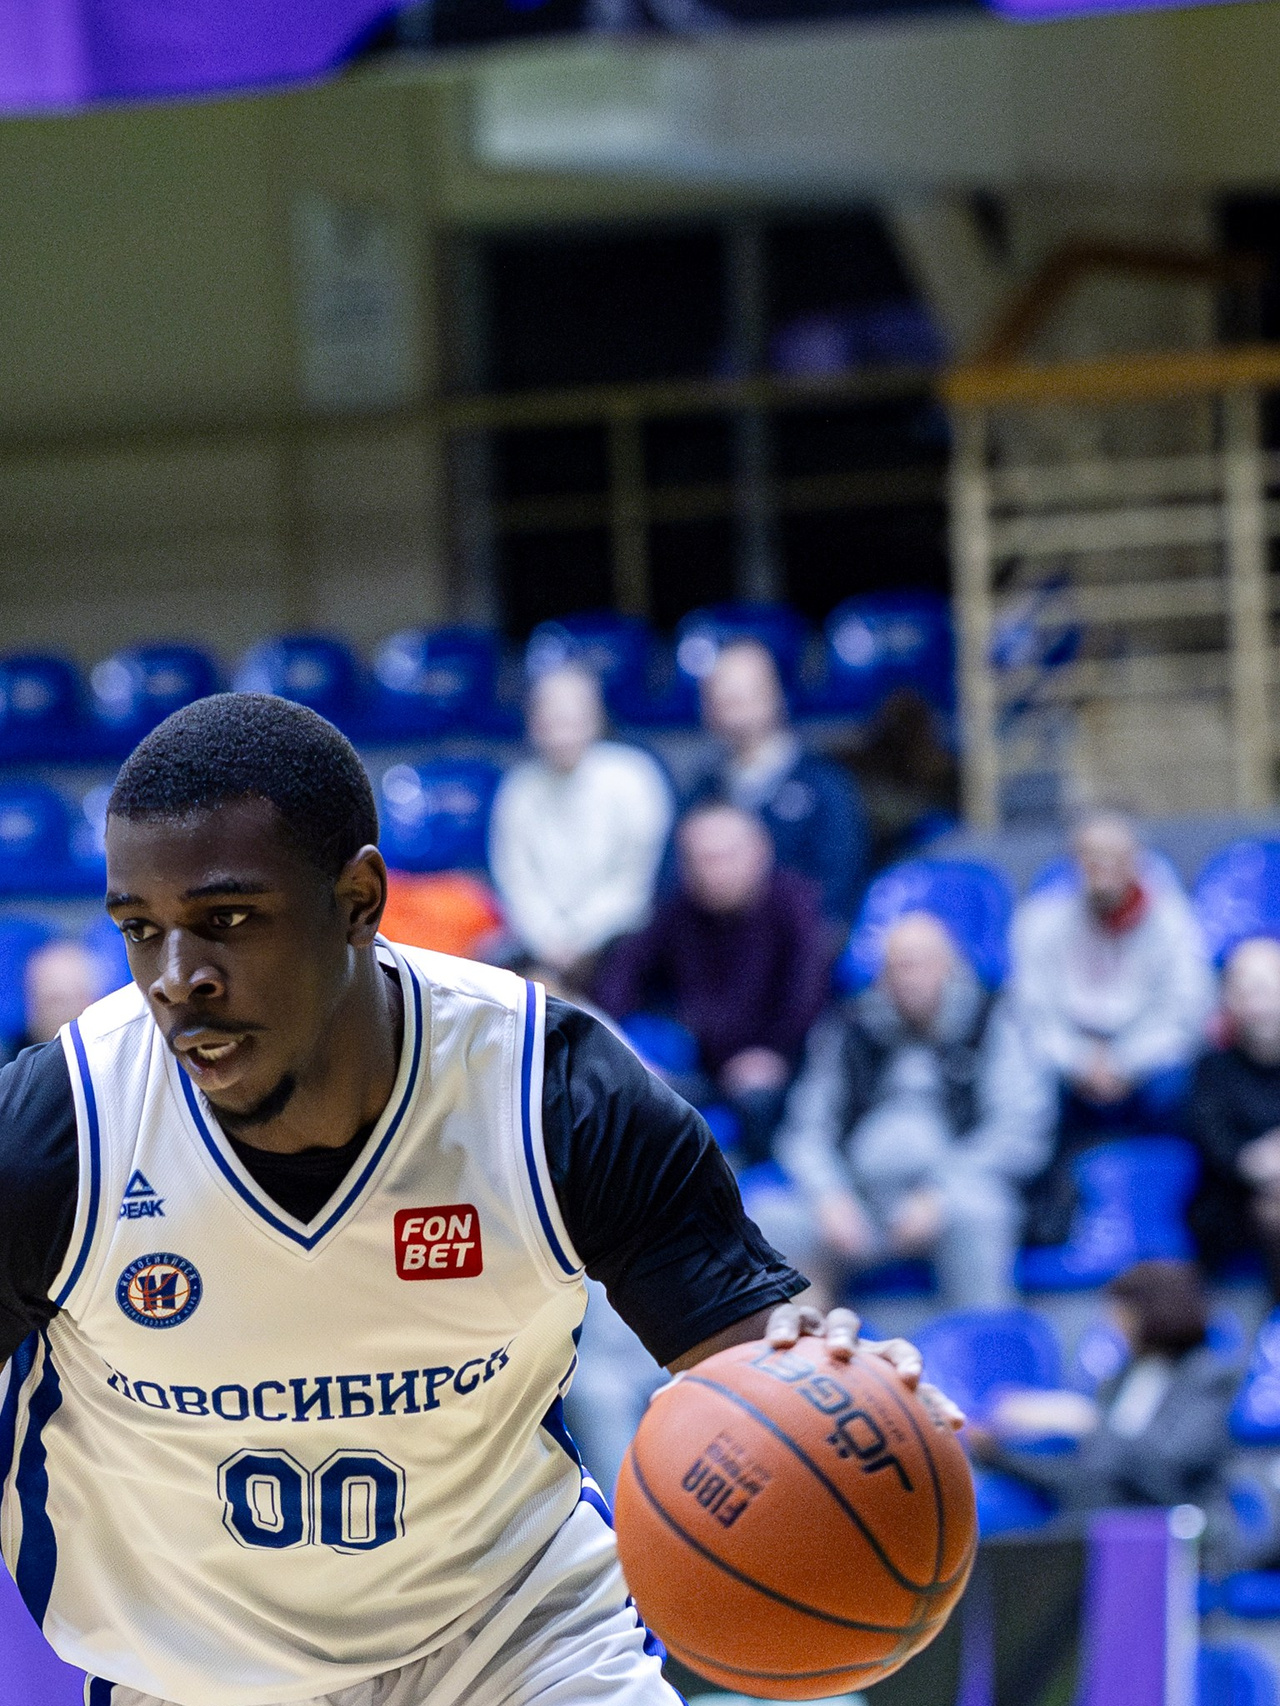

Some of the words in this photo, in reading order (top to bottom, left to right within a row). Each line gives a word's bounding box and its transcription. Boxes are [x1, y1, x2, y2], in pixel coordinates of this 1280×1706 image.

[401, 1213, 472, 1242] FON
[403, 1242, 475, 1270] BET
[217, 1448, 407, 1555] 00
[681, 1456, 750, 1529] FIBA
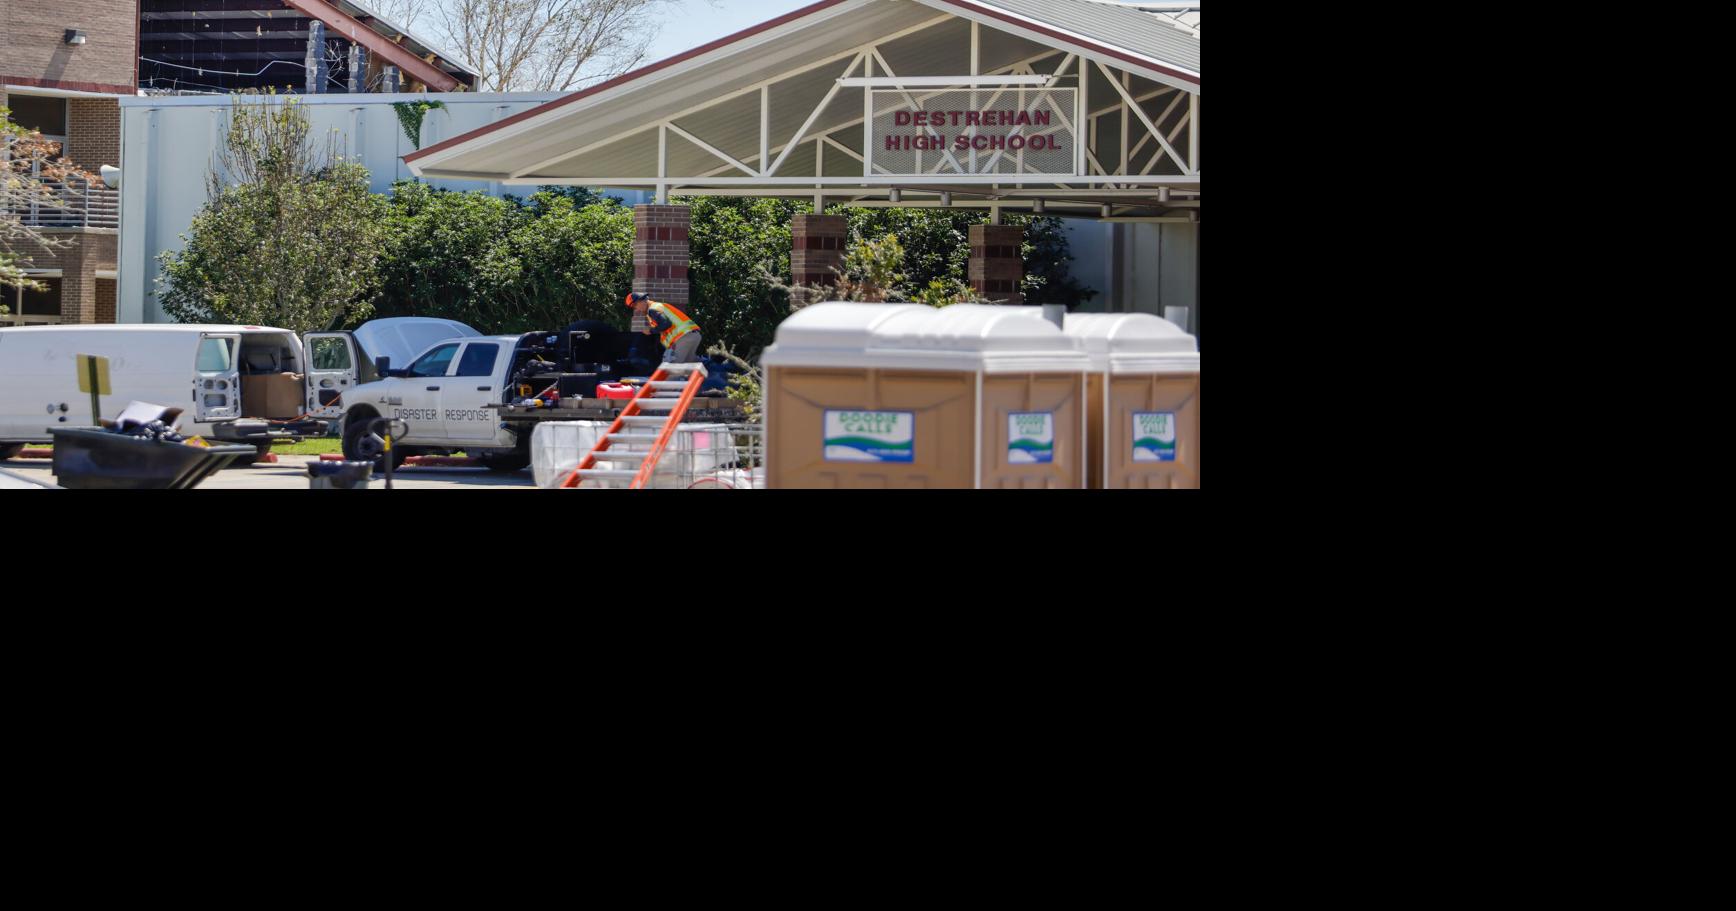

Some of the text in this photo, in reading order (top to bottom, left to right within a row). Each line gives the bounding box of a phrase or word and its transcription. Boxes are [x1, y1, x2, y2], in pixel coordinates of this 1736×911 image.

● ● ● ● ● ● ●

• AIM OF THE TASK
The entries above need to be transcribed exactly, with the images left out.

• WRITTEN RESPONSE
Some of the words in this photo, in reading order (top to bottom, left to right within a row). Each line gives a word's bounding box and its transcription. Boxes are [x1, y1, x2, y2], in pixel coordinates of this 1280×1706 image.

[401, 1213, 472, 1242] FON
[403, 1242, 475, 1270] BET
[217, 1448, 407, 1555] 00
[681, 1456, 750, 1529] FIBA

Some of the text in this photo, in reading order (top to bottom, left to right within a row). Each line gives the bounding box of a phrase or word and its transcription. Boxes are [x1, y1, x2, y2], in pixel coordinates of this 1736×911 image.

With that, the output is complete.